Launch controllers warmed up the line in an attempt to achieve a tight seal and the flow of liquid hydrogen resumed before a leak reoccurred. They stopped the flow of liquid hydrogen and proceeded to “close the valve used to fill and drain it, then increase the pressure on a ground transfer line using helium to attempt to close it again” , according to NASA.

This troubleshooting plan was not successful. The team again attempted the foreground to warm up the line, but the leak reoccurred after manually restarting the flow of liquid hydrogen.

There was a 60% chance the weather would be favorable for the launch, according to weather officer Melody Lovin.

The Artemis I stack, which includes the Space Launch System rocket and the Orion spacecraft, continues to sit on Launchpad 39B at Kennedy Space Center in Cape Canaveral, Florida.

The Artemis I mission is just the start of a program that will aim to bring humans back to the Moon and eventually land crewed missions on Mars.

There is still a save opportunity for the launch of the Artemis I mission on September 5-6.

Over the past few days, the launch team has taken the time to address issues, such as hydrogen leaks, that surfaced ahead of Monday’s scheduled launch before it was cleaned up. The team also performed a risk assessment of an engine conditioning issue and a foam crack that also popped up, according to NASA officials.

Both were considered acceptable risks before the launch countdown, according to Artemis mission manager Mike Sarafin.

On Monday, a sensor on one of the rocket’s four RS-25 engines, identified as Engine No. 3, indicated that the engine could not reach the proper temperature range required for the engine to start on liftoff.

Engines must be thermally conditioned before super cold propellant passes through them prior to liftoff. To prevent the engines from experiencing temperature shocks, the launch controllers gradually increase the pressure of the central stage liquid hydrogen tank in the hours before launch to send a small amount of liquid hydrogen to the engines. This is called “bleeding”.

The team has since determined it was a bad sensor providing the reading – they plan to ignore the faulty sensor in the future, according to Space Launch Systems chief engineer John Blevins.

Overview of missions

Once Artemis I launches, Orion’s journey will last 37 days as it travels to the moon, loops around it and returns to Earth – traveling a total of 1.3 million miles (2.1 million kilometres) .

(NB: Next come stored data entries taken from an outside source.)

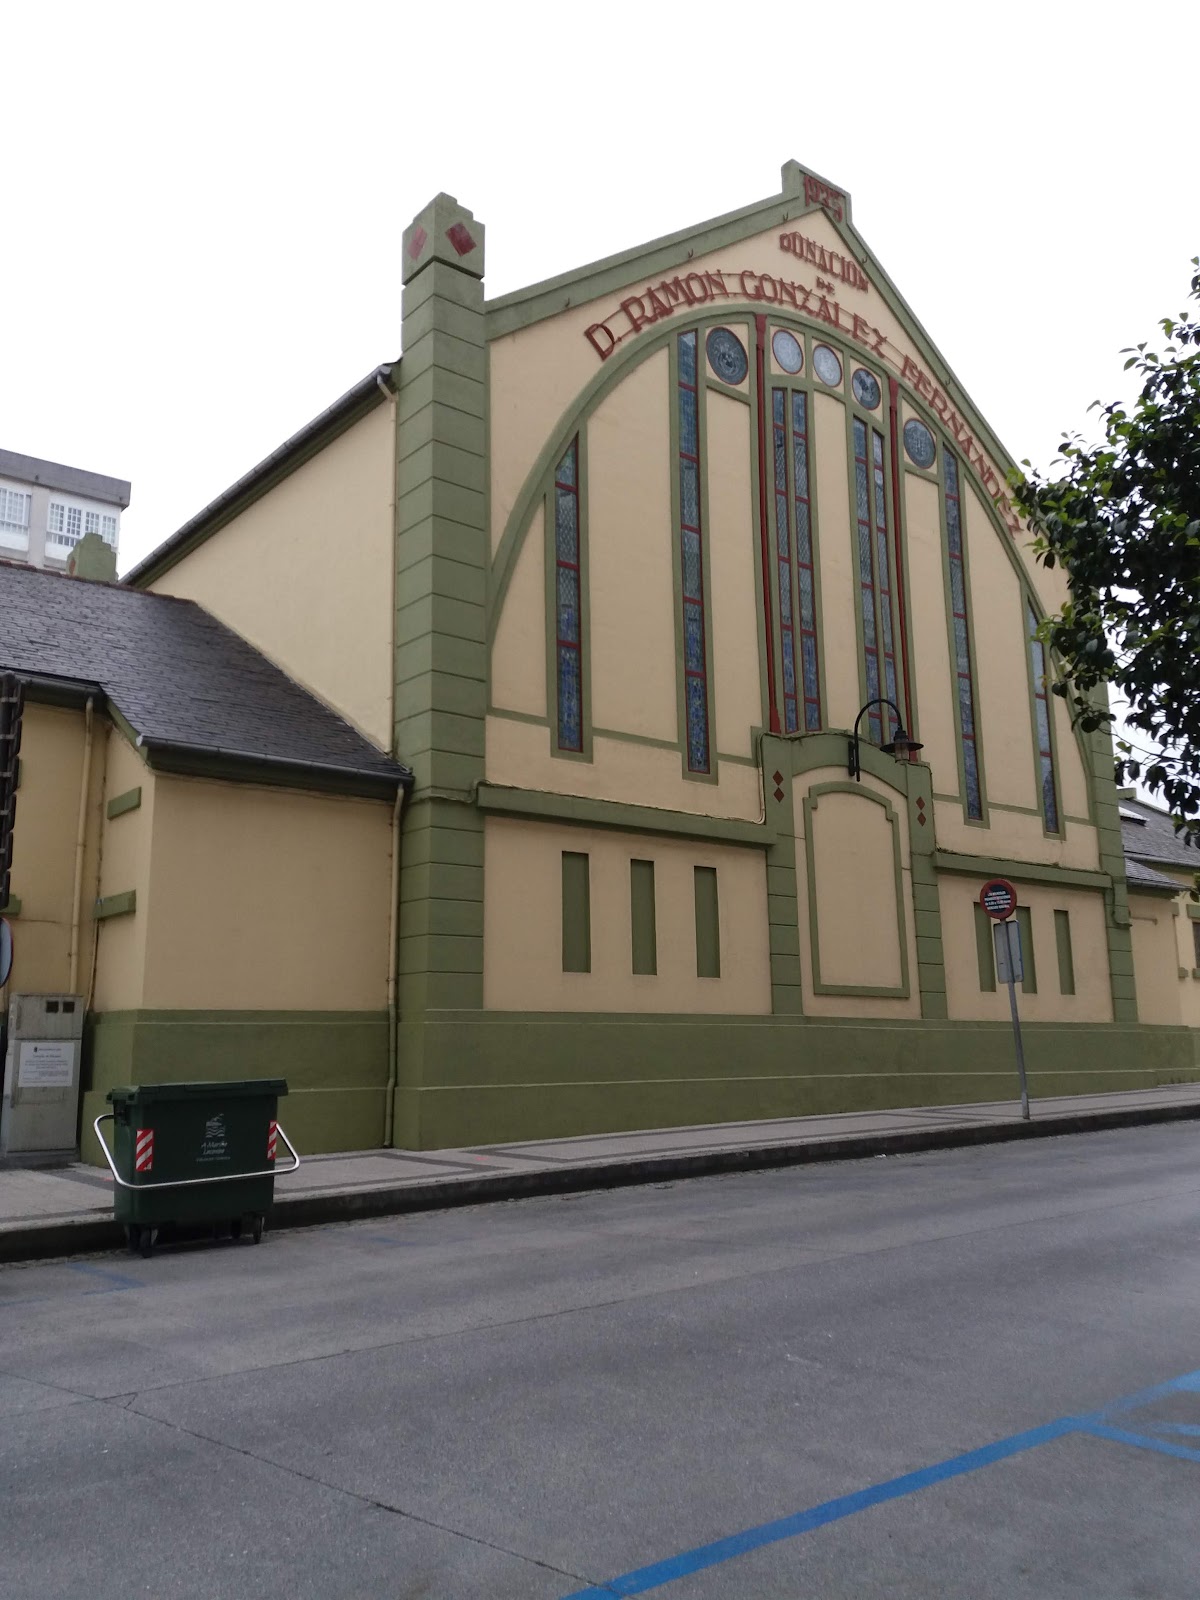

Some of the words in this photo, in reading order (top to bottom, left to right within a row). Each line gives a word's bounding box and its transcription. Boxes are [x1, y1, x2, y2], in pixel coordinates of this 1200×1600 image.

[804, 175, 843, 223] 1935
[815, 275, 835, 296] DE
[584, 323, 622, 362] D.
[620, 269, 730, 333] RAMON
[740, 270, 888, 360] GONZALEZ

Although the passenger list does not include any humans, it does have passengers: three mannequins and a stuffed Snoopy toy will ride Orion.

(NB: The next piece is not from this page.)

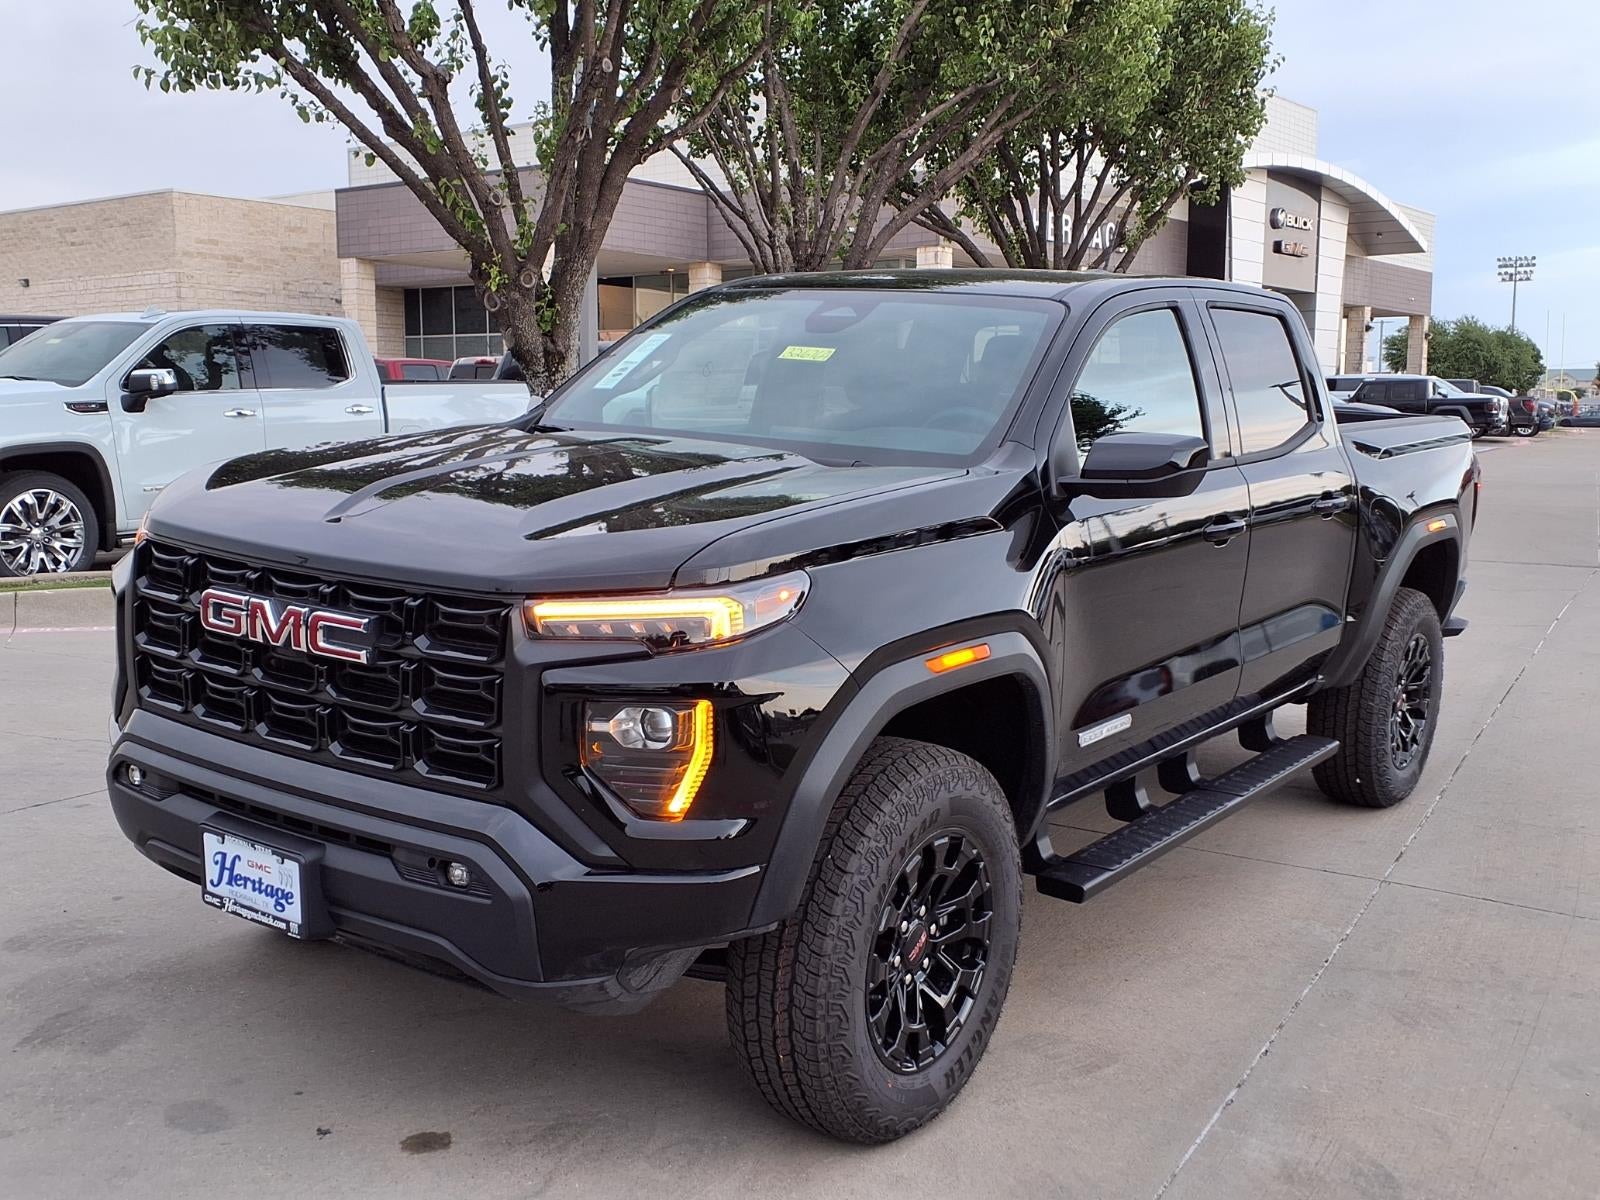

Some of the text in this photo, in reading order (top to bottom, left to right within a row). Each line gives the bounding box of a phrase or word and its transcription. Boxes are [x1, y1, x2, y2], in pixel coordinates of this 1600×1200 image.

[1286, 214, 1313, 230] BUICK
[200, 588, 369, 664] GMC
[209, 851, 294, 913] Heritage
[247, 860, 272, 874] GMC

The crew aboard Artemis I may seem a bit unusual, but they each have a purpose. Snoopy will serve as a weightlessness indicator, meaning he will begin floating inside the capsule once it reaches the space environment.
The dummies, named Commander Moonikin Campos, Helga and Zohar, will measure the deep space radiation that future crews might experience and test new armor suits and technologies. A biological experiment carrying seeds, algae, fungi and yeasts is also hidden inside Orion to also measure the reaction of life to this radiation.
Other science experiments and technology demonstrations are also ring-mounted on the rocket. From there, 10 small satellites, called CubeSats, will detach and separate to collect information about the moon and the deep space environment.
Cameras inside and outside Orion will share images and video throughout the mission, including live views from the Callisto Experience, which will capture a feed of Commander Moonikin Campos seated in the commander’s seat. And if you have an Amazon Alexa-enabled device, you can ask it for the mission’s location every day.

Expect to see views of Earthrise similar to what was first shared during the Apollo 8 mission in 1968, but with much better cameras and technology.

Artemis I will deliver the first deep space biology experiment
The inaugural mission of the Artemis program will kick off a phase of NASA space exploration that aims to land diverse crews of astronauts in previously unexplored regions of the moon – on the Artemis II and Artemis III missions, scheduled for 2024 and 2025 respectively – and eventually deliver crewed missions to Mars.

CNN’s Kristin Fisher contributed to this story.